Never did I forecast that my daughter would pursue the same career path as I did. I’m so very proud but I’m also so humbled that she would resonate facilitating healing as deeply as I do. It’s a proud mom moment but it has deeper connections to our shared healer’s heart," ~ Lorre Laws, PhD


It's rare for a parent and their child to pursue similar career arcs, but Dr. Laws and DiBene’s urge to care for society’s most vulnerable people caused their professional aspirations to intersect, albeit through different pathways. After a midlife career pivot out of the real estate industry, Dr. Laws devoted her energies to nursing. “I wasn’t making a difference in the way I was called to do,” she says. “So, I went through the MEPN program and I just flourished.”

She fell in love with nursing as a profession and as a discipline, but also found she loved both teaching and research. Her path from MEPN student to DNP student to faculty member was marked by strong mentorship and guidance from College faculty, a dynamic she watched play out when it came time for her daughter to go through the program. “It’s one thing to see me benefit, but it’s a whole other thing when you’re watching your child go thru this process and see how richly she was supported and mentored by the MEPN faculty.,” Dr. Laws says. “It was truly beautiful to behold.”

For her part, DiBene gravitated toward nursing after her aspirations to join the Peace Corps fizzled in the wake of COVID-19. Having watched her mom go through the UArizona program, she knew that it was a career that could afford her the opportunity to further her dream of working with rural, indigenous populations. Knowing how much her mom loved the profession, she saw it as a great opportunity with a lot of stability within it. “She definitely influenced me to get into MEPN,” DiBene says. “And also before joining the program, seeing that she went through it, that she could do it.”
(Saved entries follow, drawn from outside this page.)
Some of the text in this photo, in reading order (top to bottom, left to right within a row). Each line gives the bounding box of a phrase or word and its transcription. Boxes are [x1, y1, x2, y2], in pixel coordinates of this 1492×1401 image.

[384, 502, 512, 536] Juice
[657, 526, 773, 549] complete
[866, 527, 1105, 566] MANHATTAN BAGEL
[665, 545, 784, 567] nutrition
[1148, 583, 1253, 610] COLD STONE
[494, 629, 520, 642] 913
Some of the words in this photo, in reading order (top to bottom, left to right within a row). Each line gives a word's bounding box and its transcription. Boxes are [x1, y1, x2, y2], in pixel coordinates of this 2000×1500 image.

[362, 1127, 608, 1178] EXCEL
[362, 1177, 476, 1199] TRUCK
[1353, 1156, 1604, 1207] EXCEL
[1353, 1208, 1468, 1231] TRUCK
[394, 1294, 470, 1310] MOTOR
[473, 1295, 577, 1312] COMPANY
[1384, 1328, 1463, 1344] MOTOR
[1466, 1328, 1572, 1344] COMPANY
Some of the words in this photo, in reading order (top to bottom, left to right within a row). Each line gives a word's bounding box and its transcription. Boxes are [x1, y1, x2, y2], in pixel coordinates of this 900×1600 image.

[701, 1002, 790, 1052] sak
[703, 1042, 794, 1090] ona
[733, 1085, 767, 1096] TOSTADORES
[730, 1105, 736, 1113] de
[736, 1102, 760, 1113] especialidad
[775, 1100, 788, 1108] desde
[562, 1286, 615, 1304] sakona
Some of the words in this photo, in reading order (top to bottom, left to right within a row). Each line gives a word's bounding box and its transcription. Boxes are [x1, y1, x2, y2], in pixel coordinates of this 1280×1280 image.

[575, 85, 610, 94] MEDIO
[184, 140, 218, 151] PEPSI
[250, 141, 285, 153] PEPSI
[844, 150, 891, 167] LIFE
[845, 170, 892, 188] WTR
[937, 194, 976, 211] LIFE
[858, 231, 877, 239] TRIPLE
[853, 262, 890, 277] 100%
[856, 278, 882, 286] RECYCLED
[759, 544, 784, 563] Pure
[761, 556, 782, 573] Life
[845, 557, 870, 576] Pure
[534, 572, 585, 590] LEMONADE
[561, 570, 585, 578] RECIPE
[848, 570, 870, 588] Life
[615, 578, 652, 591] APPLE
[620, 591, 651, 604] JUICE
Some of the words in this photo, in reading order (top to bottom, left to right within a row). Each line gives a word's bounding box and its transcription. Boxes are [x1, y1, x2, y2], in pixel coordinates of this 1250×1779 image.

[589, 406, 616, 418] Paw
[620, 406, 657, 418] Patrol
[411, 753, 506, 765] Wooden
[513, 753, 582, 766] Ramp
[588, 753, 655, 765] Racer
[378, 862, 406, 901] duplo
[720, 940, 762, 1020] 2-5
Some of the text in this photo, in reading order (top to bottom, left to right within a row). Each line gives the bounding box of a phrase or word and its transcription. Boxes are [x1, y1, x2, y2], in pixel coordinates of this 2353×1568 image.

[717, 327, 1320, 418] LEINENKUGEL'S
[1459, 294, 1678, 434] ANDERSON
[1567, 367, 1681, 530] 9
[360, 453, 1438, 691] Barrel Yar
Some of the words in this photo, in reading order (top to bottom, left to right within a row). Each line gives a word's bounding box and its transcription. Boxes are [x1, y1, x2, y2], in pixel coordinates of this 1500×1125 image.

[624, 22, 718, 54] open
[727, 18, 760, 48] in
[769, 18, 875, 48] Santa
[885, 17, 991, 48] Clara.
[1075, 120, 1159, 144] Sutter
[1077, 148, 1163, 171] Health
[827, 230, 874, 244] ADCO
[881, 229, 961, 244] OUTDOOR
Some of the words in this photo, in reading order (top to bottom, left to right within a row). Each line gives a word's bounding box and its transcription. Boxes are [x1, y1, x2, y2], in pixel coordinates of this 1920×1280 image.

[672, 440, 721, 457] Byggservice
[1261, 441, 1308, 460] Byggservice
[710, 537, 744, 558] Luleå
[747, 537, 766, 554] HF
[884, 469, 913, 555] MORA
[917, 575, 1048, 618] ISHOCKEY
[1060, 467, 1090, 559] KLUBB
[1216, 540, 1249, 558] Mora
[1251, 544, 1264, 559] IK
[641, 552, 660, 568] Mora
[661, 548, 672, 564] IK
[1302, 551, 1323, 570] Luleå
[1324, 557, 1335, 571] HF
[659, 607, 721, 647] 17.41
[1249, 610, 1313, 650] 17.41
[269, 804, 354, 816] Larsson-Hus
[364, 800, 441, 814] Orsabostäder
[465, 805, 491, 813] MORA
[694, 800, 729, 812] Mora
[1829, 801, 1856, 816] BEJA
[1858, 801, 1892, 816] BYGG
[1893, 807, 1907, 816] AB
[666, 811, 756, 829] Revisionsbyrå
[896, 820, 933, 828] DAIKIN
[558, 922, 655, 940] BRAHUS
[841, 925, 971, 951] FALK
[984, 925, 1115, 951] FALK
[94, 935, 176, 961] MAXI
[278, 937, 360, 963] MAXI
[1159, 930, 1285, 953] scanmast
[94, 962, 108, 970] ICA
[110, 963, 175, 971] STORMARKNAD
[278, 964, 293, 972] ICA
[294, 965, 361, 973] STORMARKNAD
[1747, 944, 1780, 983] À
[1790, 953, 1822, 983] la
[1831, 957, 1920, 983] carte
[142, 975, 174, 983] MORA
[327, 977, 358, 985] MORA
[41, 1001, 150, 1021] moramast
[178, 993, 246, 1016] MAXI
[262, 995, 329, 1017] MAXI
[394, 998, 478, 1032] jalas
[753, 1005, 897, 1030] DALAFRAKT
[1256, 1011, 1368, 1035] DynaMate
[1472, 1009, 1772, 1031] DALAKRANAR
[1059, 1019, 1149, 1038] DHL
Dr. Laws was a resource throughout DiBene’s time in the program. “If I had questions or if there was something I didn’t understand from the professors, she was a great resource because she had been through the program herself,” DiBene says. “And she was my mom so it was a win-win because we already have a relationship.”

DiBene found the 15-month program fast-paced and challenging, but she worked hard and gained confidence, ultimately earning a 4.0 grade average. In her final semester, during her preceptorship, she decided she would pursue hospice work, which is what she plans to pursue after convocation. “It's hard and fast but you learn a lot,” she says. “You gain a lot of knowledge and a lot of skills about how to care for people and what resources there are in the community.” In the future, she hopes to offer her skills to help vulnerable, rural populations internationally.

As a professor, Dr. Laws was delighted to watch her own daughter be instructed by some of her own former faculty during her time in the MEPN program – as well as members of her own cohort. And when Convocation rolled around and the two of them took the stage together, albeit with different roles, she was overjoyed.

“My mom heart is full,” Dr. Laws says, reflecting on the moment she got to hood DiBene. “When you have them in your arms as an infant, you can never in a million years forecast this parallel path that we find ourselves on. As both a mom and as a nurse faculty member, it’s so rich. There have been so many students that I have taught along that way that I don’t have the opportunity to hood or pin, so not only am I hooding my daughter but it’s a moment where I can celebrate all the students that I’ve had the privilege of supporting along the way.”